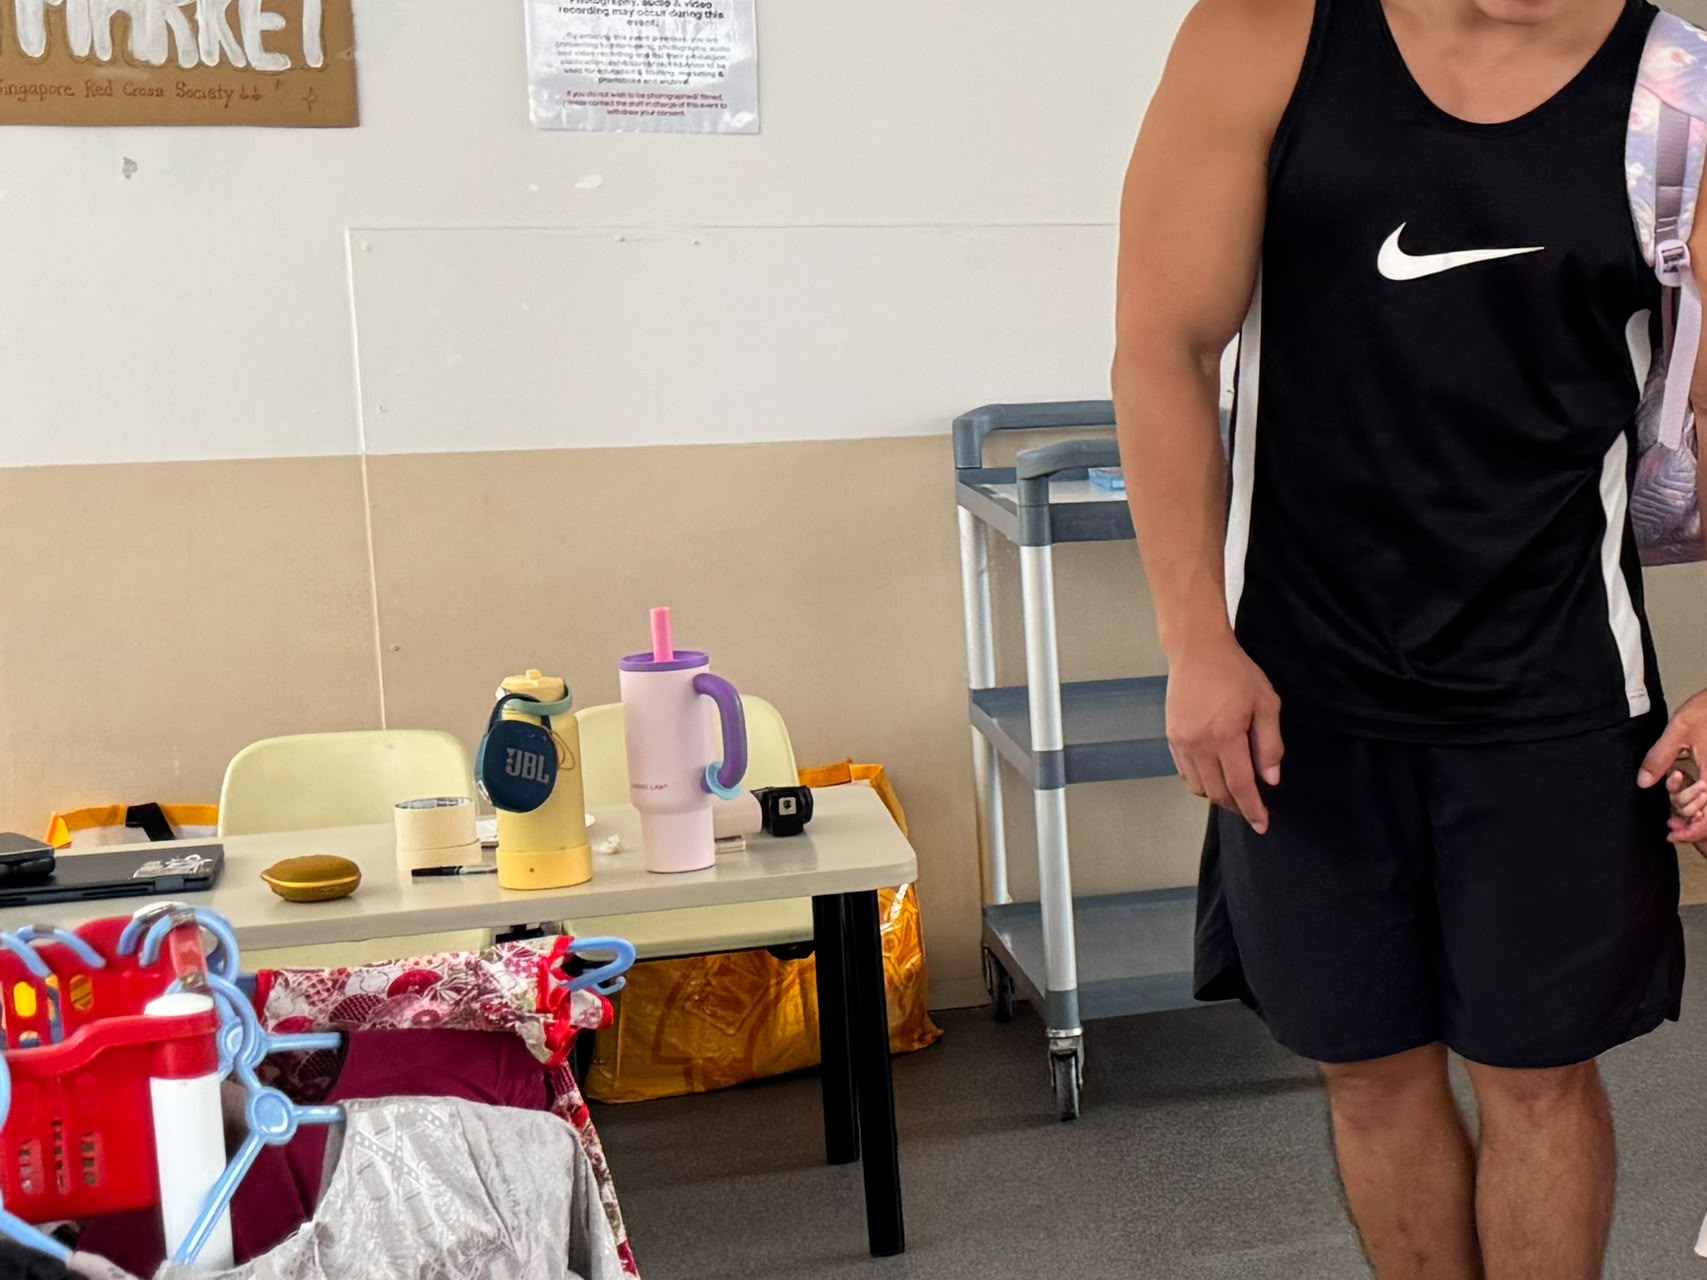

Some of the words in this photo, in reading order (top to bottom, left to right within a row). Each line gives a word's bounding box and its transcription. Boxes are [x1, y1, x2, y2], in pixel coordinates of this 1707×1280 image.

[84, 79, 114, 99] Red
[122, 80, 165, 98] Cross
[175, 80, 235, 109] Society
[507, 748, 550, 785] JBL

______________________________

**Instructions to follow**
Each line of the data above must be reproduced as written. Skip the pictures.

**Solution**
Some of the words in this photo, in reading order (top to bottom, left to right within a row). Each line gives a word's bounding box and its transcription. Boxes are [x1, y1, x2, y2], in pixel coordinates of this 1707×1280 image.

[84, 79, 114, 99] Red
[122, 80, 165, 98] Cross
[175, 80, 235, 109] Society
[507, 748, 550, 785] JBL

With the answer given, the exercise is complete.